=== Begin Enclosure ===
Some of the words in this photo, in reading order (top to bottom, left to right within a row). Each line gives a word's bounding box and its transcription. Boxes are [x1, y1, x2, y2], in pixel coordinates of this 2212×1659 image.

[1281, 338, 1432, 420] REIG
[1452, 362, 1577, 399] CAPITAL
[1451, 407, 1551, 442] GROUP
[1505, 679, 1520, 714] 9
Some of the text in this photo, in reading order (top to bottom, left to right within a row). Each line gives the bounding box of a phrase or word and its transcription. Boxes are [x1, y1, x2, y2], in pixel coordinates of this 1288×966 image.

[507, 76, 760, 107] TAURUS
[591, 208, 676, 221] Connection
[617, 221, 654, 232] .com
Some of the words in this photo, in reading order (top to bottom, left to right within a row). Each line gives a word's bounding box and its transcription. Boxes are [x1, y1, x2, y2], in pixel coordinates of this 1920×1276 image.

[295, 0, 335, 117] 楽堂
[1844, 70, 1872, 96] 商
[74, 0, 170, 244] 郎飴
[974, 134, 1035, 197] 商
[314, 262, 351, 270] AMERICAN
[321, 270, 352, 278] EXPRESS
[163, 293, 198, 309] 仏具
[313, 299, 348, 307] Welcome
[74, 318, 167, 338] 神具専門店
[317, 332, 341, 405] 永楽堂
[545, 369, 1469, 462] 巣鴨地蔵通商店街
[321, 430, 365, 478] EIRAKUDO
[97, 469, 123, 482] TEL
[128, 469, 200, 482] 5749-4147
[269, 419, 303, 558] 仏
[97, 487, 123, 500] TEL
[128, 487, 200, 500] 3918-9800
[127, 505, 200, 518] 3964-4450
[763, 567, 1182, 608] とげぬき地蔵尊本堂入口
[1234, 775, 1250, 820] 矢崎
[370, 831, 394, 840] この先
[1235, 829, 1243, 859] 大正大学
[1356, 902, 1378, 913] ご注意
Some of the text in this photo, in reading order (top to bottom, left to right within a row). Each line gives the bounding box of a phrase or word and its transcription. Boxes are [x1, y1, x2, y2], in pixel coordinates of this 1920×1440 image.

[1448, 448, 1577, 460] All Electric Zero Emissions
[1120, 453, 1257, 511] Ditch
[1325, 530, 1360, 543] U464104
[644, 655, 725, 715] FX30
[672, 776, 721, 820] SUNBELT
=== End Enclosure ===
● YOUR GOAL
With the line that contains "this 1920×1440 image." as the start, output every line through the end of the entries exactly. Add no other lines.

● TASK OUTPUT
Some of the text in this photo, in reading order (top to bottom, left to right within a row). Each line gives the bounding box of a phrase or word and its transcription. Boxes are [x1, y1, x2, y2], in pixel coordinates of this 1920×1440 image.

[1448, 448, 1577, 460] All Electric Zero Emissions
[1120, 453, 1257, 511] Ditch
[1325, 530, 1360, 543] U464104
[644, 655, 725, 715] FX30
[672, 776, 721, 820] SUNBELT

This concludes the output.